English Phrasal Verbs

Practice your English with Caroline Brown


The next verb we're going to look at is 'to set' combined with particles. Here are the first of the most common:

'to set about' is to dealing with something in a particular way.

  • I need to find a new flat but I'm not sure how to set about looking for one.
  • I don't think you are setting about it the right way.

'to set against' means balance one thing against another.

  • The advantages are not so big when set against the disadvantages.
  • We can set our expenses against the tax.

'to be set against' something means to be opposed to doing it.

  • He won't change his mind. He is absolutely set against it.
  • His parents were set against him becoming a musician and made him study engineering.

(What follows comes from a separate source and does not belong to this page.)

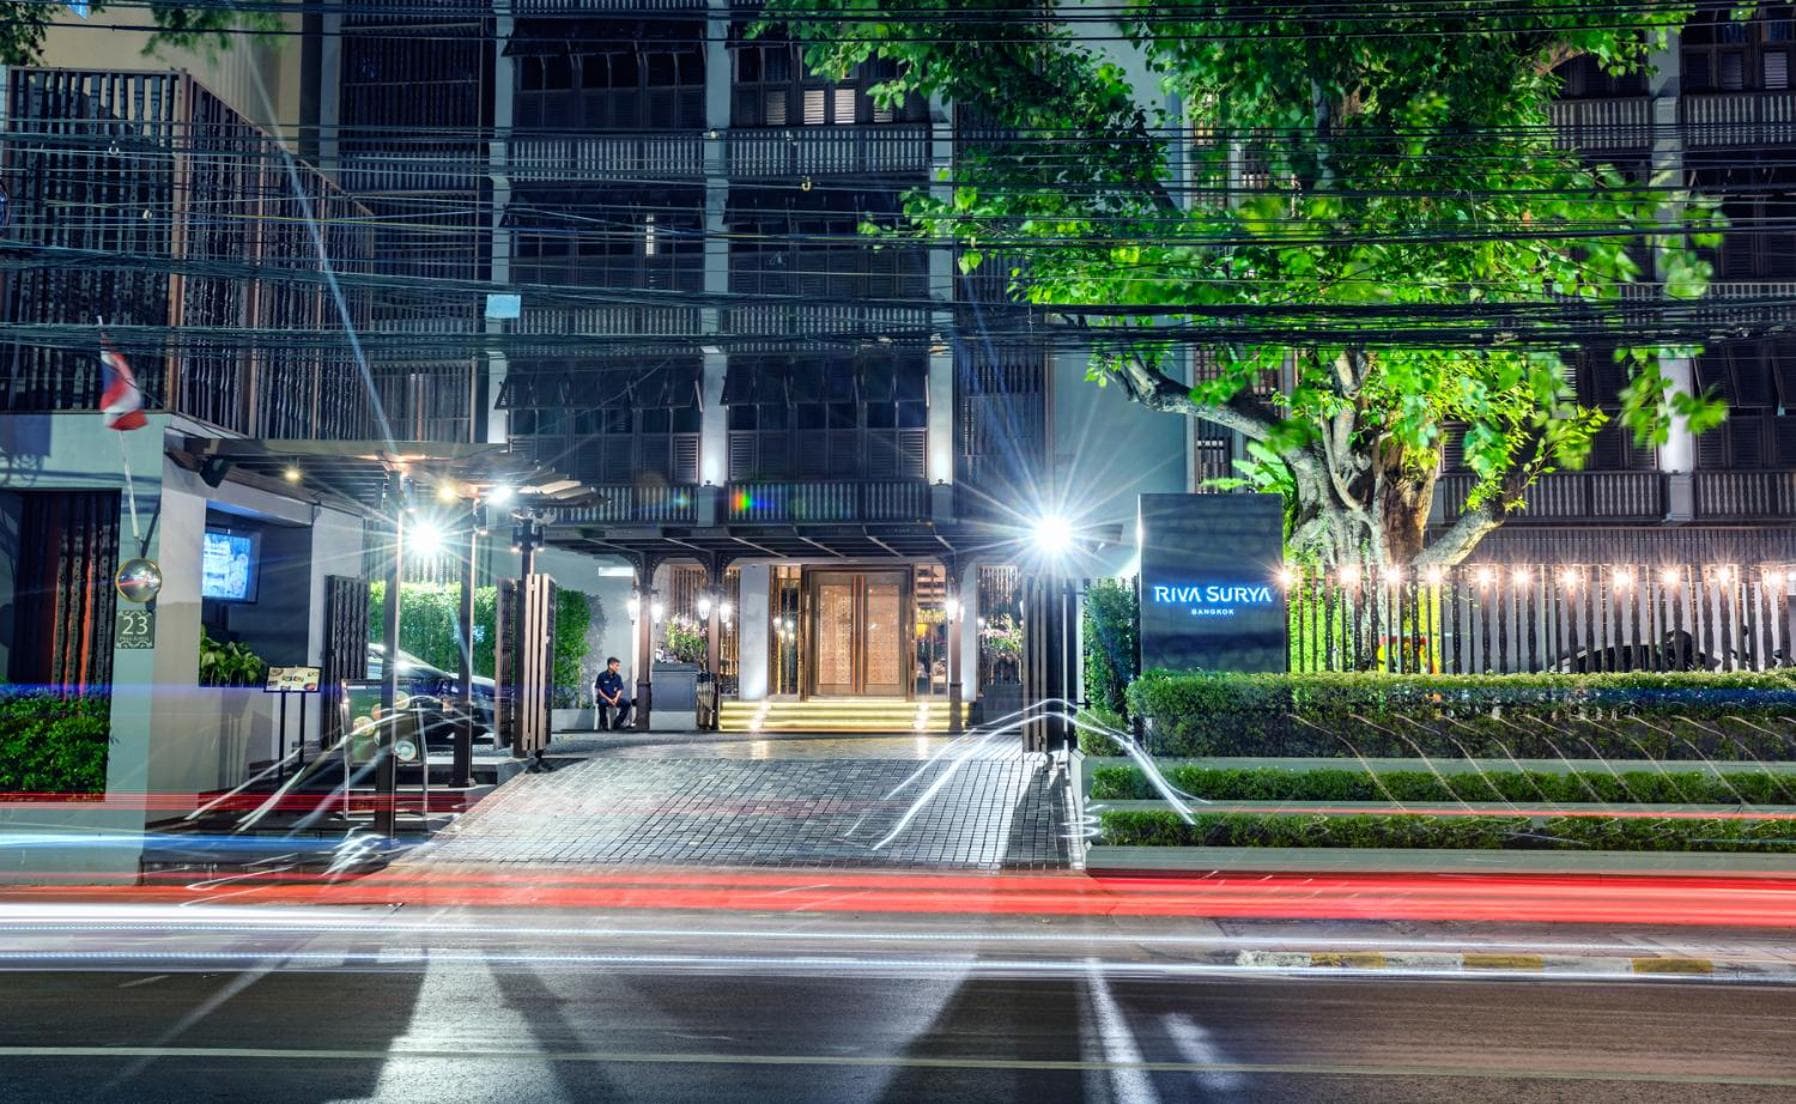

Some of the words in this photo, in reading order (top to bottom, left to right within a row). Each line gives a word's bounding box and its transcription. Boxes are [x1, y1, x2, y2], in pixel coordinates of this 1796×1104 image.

'to set aside' means to use something, often time or money, for a specific purpose.

  • I have enough money for the deposit set aside.
  • I've set aside Monday and Tuesday to work on it.

'to set back' is to cause a delay.

  • Bad weather was the reason that the launch of the rocket was set back until Monday.
  • The whole project has been set back by the late delivery of some of the parts.

'to set down' something you are holding means to put it down.

  • She lifted up the teapot but set it down again without pouring any tea.
  • The waitress set down an enormous plate of steak and salad in front of me.

'to set down' your ideas or some facts means to record by writing them.

  • Here is the leaflet where we have set down guidelines for our employees.
  • We were all asked to set down our views on what had happened.

'to set in' is when something unpleasant starts and seems likely to continue.

  • It looks as if the rain has set in for the afternoon.
  • Panic didn't really set in until just before I was due to give my presentation.

'to set off' means to start on a journey.

  • Sorry we're late. We didn't set off until half past eight.
  • The weather was perfect when we set off but it was raining when we got back.